Task goal.
Select from the records below every line that has the word "Castilla" in it.

Data listing.
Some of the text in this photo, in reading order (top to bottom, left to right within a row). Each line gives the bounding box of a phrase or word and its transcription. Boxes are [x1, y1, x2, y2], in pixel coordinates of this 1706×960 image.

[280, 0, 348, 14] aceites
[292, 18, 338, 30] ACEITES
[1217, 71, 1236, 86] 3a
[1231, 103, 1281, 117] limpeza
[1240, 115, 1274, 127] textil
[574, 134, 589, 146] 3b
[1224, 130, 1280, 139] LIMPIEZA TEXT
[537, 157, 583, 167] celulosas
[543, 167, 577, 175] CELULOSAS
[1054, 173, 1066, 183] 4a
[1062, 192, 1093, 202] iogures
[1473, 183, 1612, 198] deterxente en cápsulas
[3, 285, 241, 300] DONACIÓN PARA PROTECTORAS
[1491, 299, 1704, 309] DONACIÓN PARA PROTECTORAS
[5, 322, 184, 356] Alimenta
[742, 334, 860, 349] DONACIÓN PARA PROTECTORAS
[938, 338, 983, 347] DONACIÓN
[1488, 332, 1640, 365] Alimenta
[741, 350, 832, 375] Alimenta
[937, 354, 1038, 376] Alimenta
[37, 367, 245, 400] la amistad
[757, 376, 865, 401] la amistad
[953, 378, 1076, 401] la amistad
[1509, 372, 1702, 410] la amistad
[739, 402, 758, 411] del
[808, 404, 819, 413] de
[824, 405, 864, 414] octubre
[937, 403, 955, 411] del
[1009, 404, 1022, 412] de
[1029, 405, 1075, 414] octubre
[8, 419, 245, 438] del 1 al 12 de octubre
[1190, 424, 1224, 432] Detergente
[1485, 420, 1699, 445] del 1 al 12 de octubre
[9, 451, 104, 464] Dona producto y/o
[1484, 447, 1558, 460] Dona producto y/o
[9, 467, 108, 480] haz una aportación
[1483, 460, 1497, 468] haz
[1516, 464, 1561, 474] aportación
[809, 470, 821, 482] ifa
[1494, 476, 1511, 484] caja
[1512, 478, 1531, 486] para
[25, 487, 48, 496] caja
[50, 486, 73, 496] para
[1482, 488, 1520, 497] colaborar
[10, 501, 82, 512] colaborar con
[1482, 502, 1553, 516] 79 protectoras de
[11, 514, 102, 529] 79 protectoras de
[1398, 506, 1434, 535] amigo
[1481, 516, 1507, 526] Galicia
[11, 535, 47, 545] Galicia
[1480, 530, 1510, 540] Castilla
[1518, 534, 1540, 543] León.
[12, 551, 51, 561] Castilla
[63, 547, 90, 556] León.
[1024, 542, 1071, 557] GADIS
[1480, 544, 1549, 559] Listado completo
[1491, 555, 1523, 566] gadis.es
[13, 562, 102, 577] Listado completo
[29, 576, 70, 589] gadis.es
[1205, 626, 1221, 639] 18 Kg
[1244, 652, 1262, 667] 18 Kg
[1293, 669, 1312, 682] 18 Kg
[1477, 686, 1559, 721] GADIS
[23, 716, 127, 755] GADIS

Output of the exercise.
[1480, 530, 1510, 540] Castilla
[12, 551, 51, 561] Castilla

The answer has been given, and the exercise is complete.